Exercise brief
Please copy every record below exactly, leaving out the pictures.

Records from a data source:
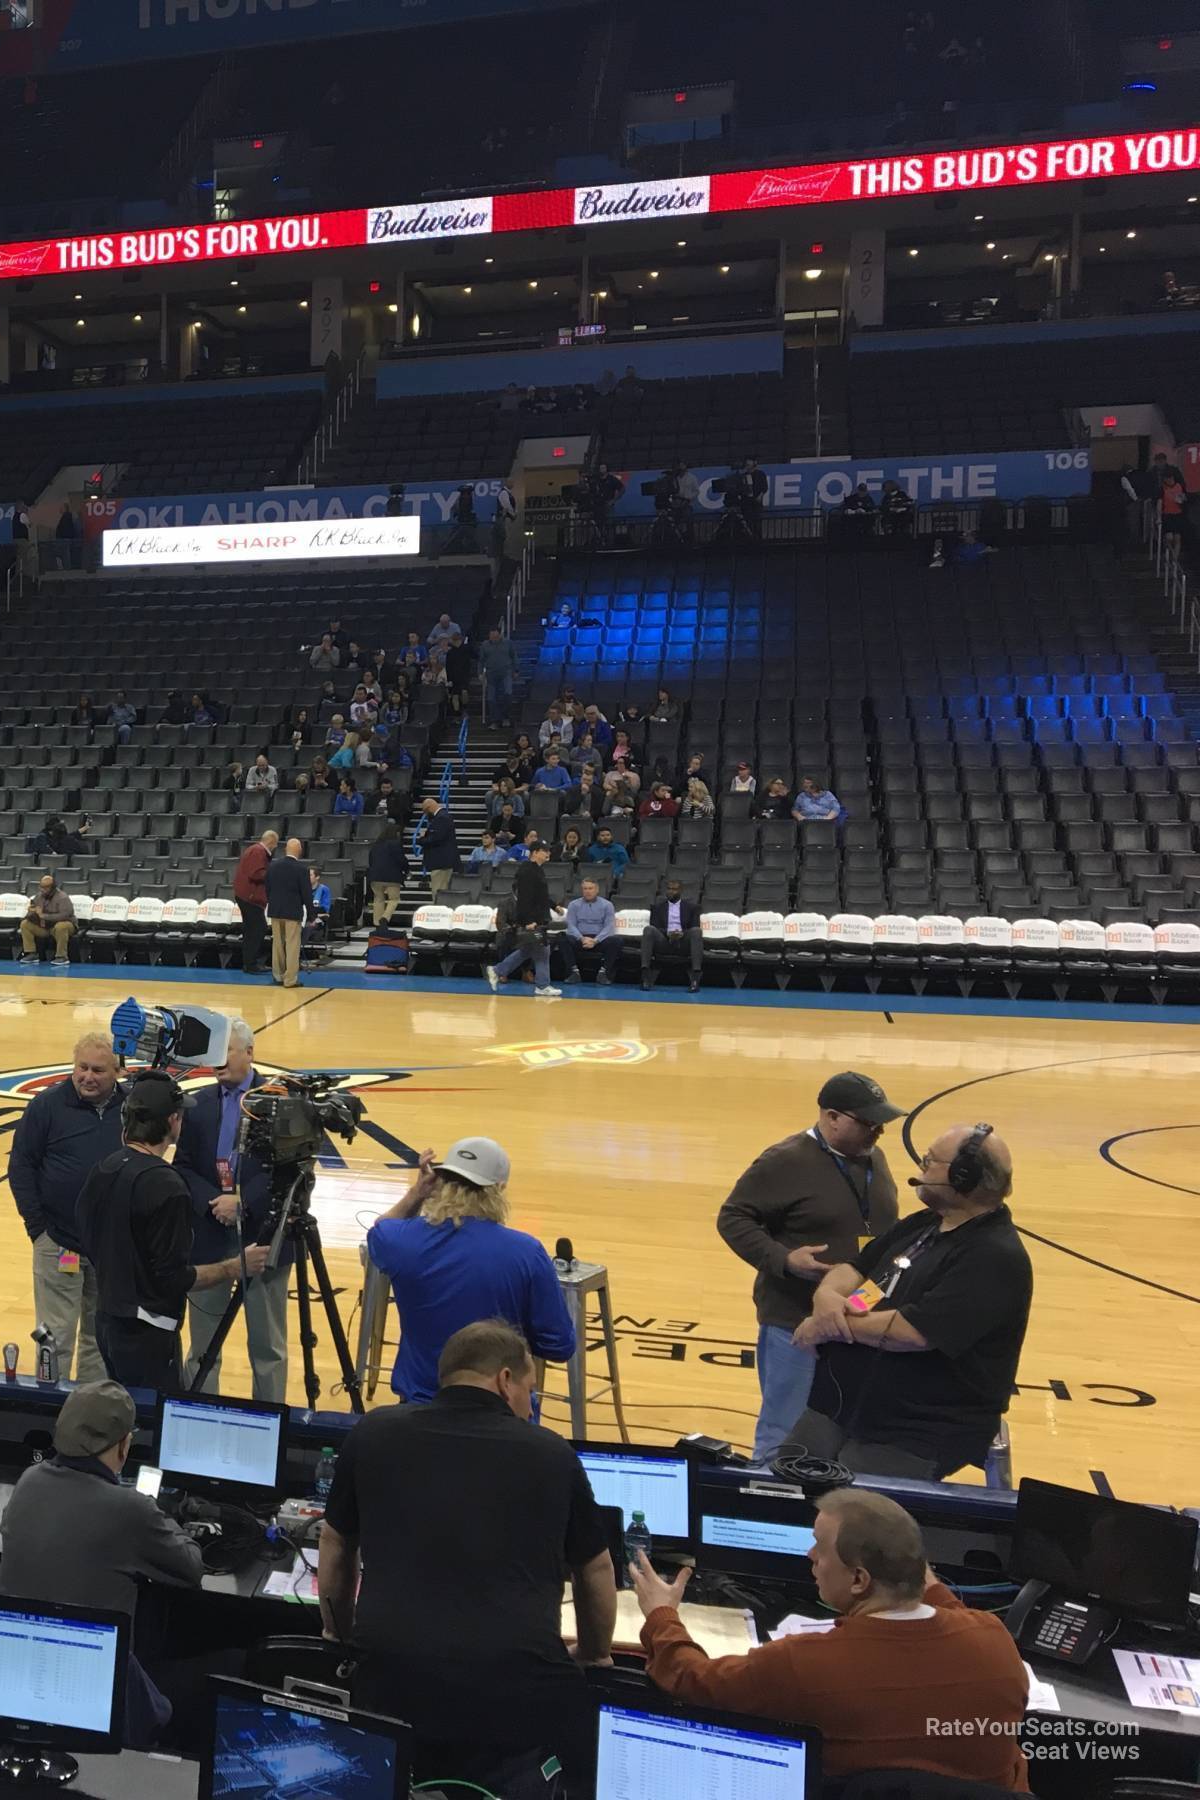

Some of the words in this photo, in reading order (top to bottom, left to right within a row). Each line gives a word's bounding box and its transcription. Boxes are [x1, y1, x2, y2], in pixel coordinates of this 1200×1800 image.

[848, 158, 923, 196] THIS
[933, 148, 1038, 189] BUD'S
[1046, 141, 1115, 179] FOR
[580, 178, 706, 221] Budweiser
[370, 205, 488, 241] Budweiser
[56, 238, 113, 270] THIS
[120, 229, 200, 264] BUD'S
[206, 224, 259, 255] FOR
[265, 217, 329, 248] YOU.
[1045, 452, 1088, 470] 106
[899, 465, 997, 500] THE
[85, 501, 116, 516] 105
[362, 491, 461, 522] CTY
[216, 535, 297, 551] SHARP
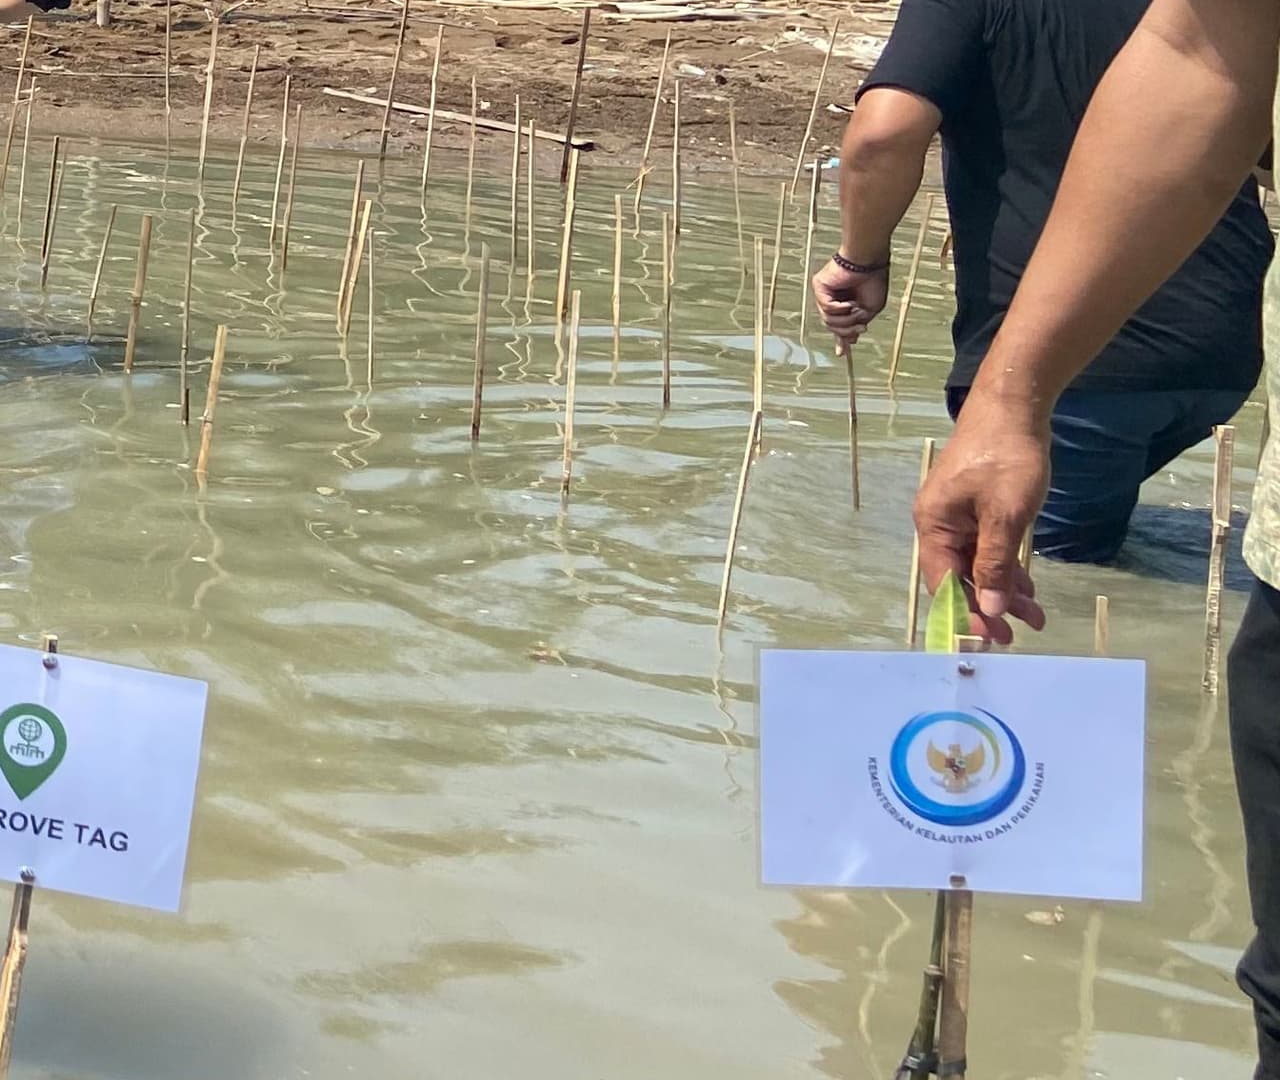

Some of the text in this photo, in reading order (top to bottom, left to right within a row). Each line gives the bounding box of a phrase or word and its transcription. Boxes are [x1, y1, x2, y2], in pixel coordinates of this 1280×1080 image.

Solution below
Some of the words in this photo, in reading order (top to bottom, left to right within a row). Each line gives a word's bounding box and its transcription. Boxes are [x1, y1, x2, y2], in pixel coordinates of this 1200×1800 image.

[848, 158, 923, 196] THIS
[933, 148, 1038, 189] BUD'S
[1046, 141, 1115, 179] FOR
[580, 178, 706, 221] Budweiser
[370, 205, 488, 241] Budweiser
[56, 238, 113, 270] THIS
[120, 229, 200, 264] BUD'S
[206, 224, 259, 255] FOR
[265, 217, 329, 248] YOU.
[1045, 452, 1088, 470] 106
[899, 465, 997, 500] THE
[85, 501, 116, 516] 105
[362, 491, 461, 522] CTY
[216, 535, 297, 551] SHARP

Some of the text in this photo, in reading order (top to bottom, left to right within a row). Each line gives the bounding box of a phrase or word and its transcription. Boxes are [x1, y1, x2, y2], in pixel coordinates of this 1280×1080 image.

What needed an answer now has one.